Chapter 401 Provenance (1/2)
BOOK V
CHAINS OF FREEDOM
VOLUME XVII
INCEPTION
CHAPTER 401
PROVENANCE
”Where... am I?” she whispered softly into the swirling gasses surrounding her. It was an unpleasant experience, the smell of burnt charcoal piercing her nostrils. The only sound she could hear was a low, persistent, grating hum coming from seemingly everywhere at the same time. There were no colors but the ashen and black, and there were no discernible objects she could perceive. It was dark and dim and dry, and it was lonely. Terribly, terribly lonely. ”H-hello...?”
She called out repeatedly, for the time she could not count as she didn't understand it; her meek, mellow voice barreled out into the existing nothingness, searching for something, for someone... yet it found nothing and no one. Fear gripped her heart tightly as a thought submerged her: she was alone. All alone, cast into this dark and terrible world. She hadn't a vice to realize she didn't even know who she was; or rather, where she came from. In her mind, she was always herself, a nameless entity, and her voice was always hers.
”... a-anyone... out there?” nobody replied. There was nothing, there was no one, only her. She couldn't see herself, nor did she have the mind to try; who was she? She was herself, she would answer if anyone was there to ask. Always was, since her inception.
Down and up and all around, it was only clouded darkness. Occasionally, she could swear, she would see brief flashes, flickers of distant light. Colors of it changed, from golden to crimson to azure, but she convinced herself she was just imagining them -- they were not there... her heart only desired they were there.
Over time, she had begun to realize something -- she was changing. Her voice was growing mellower, yet a pitch deeper; she felt as though she was growing, expanding, enlarging. She was still herself, as she always was, yet she was something, someone different as well.
She still couldn't quite understand where she was, or why was she here, or anything past the small corner she never dared leave. In vain hopes, she awaited for whoever put her here to return. They would return, she knew. She only had to sit in place and await the fated day. They would appear to banish the ashen clouds with beautiful lights accompanying them, illuminating the whole world. They would come.

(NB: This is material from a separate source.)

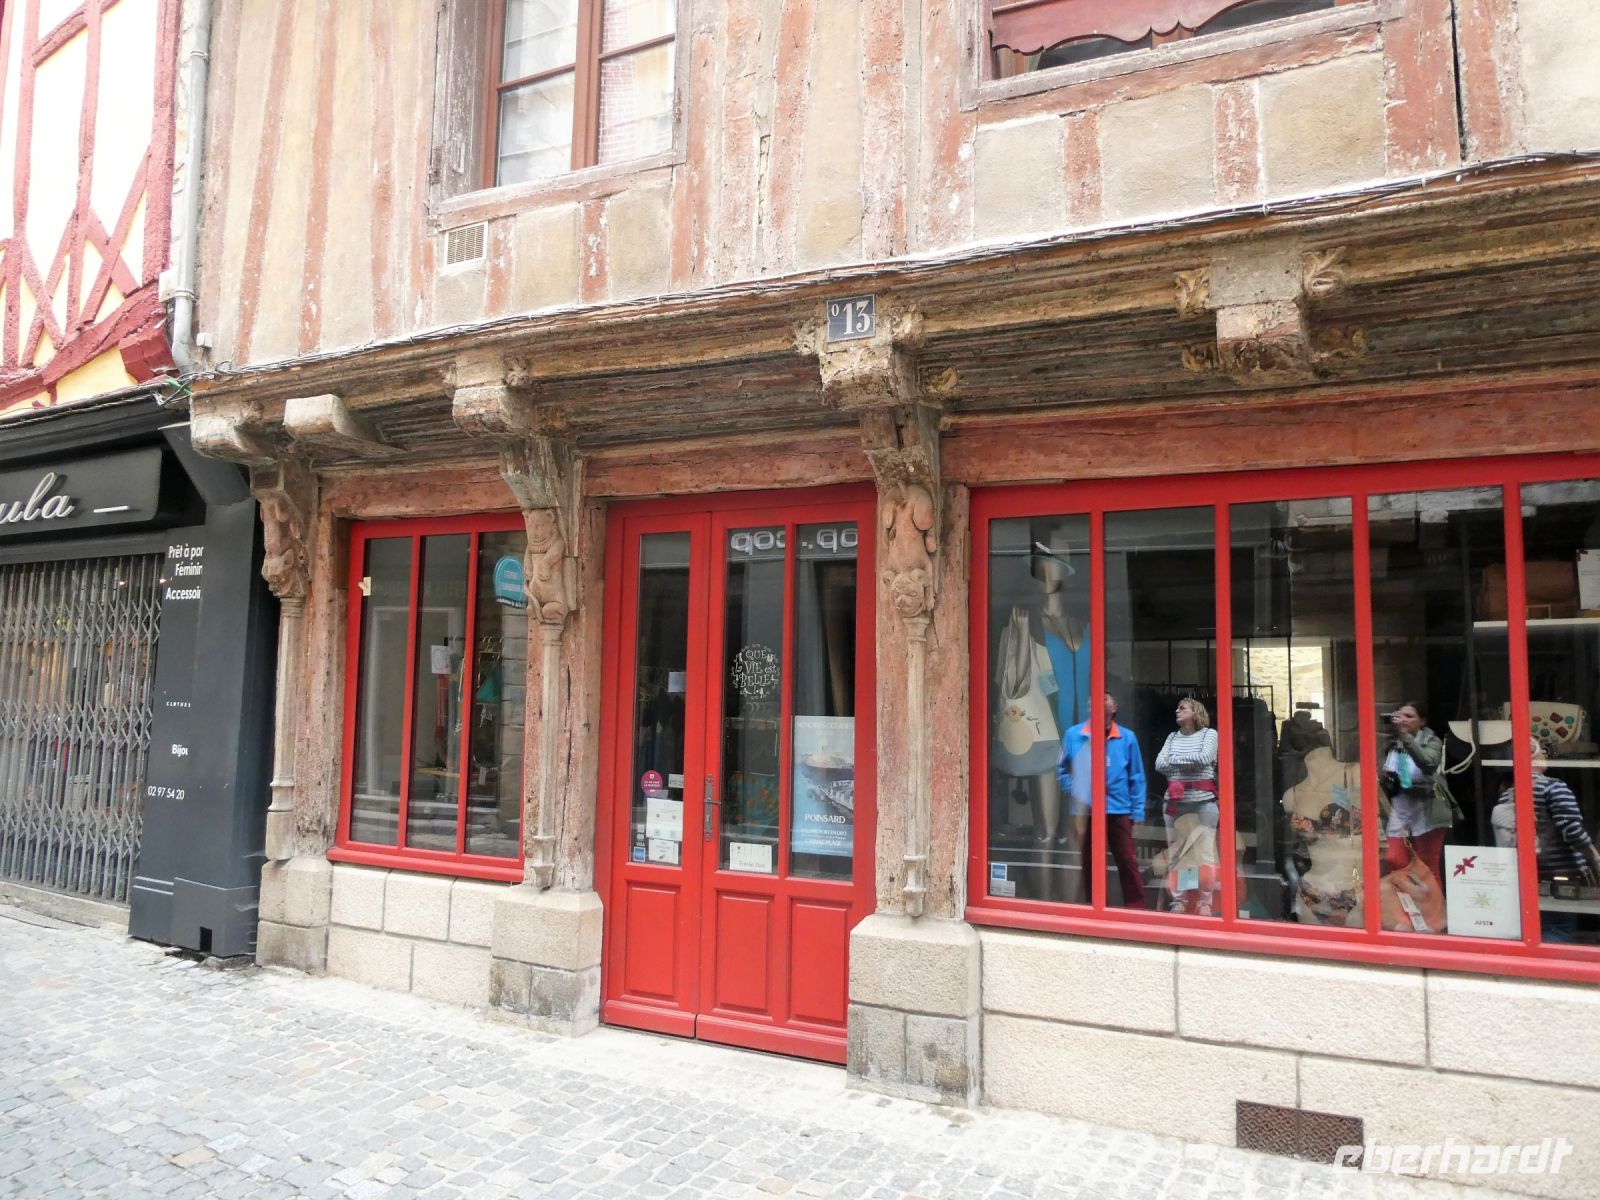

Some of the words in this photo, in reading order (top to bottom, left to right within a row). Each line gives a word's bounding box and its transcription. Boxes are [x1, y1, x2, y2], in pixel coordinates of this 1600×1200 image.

”Come... Gaia is waiting...” she knew her name, somehow. It was her name, as it always was. She didn't know what a name meant, but she knew it was important to her. Something she should never forget. Something she can't ever forget.
In her heart, she felt it was a present from them, from those who left her here, and if she forgot... it would be that she would forever remain clad in the mantle of loneliness. She hated it, the feelings it brought over her. That is why she enjoyed sleeping as much as possible; in her dreams, she was never alone. There were those just like her, laughing, chatting, calling her name. Gaia... Gaia... she loved the sound of it. It soothed her heart.
Though, she always woke up and dreaded it. She was all alone, once more. They weren't there no more, and there was no one to say, Gaia. Only the low, annoying hum coming from all around her. She feared moving as she might drift away, yet many times she was close to chasing after the source of the hum and ending it. Low, persistent, even...
”You are insane!!!” she shook, broke -- they are here!! She cried out inwardly, rapidly looking around. However, it was all the same. No lights were battering away at the ashen dark. There was no them, they who left her here. But, she knew, she didn't imagine that voice. She wasn't dreaming. She never heard that voice before. In the mundane, same, repetitive world, it was a newcomer. Something different.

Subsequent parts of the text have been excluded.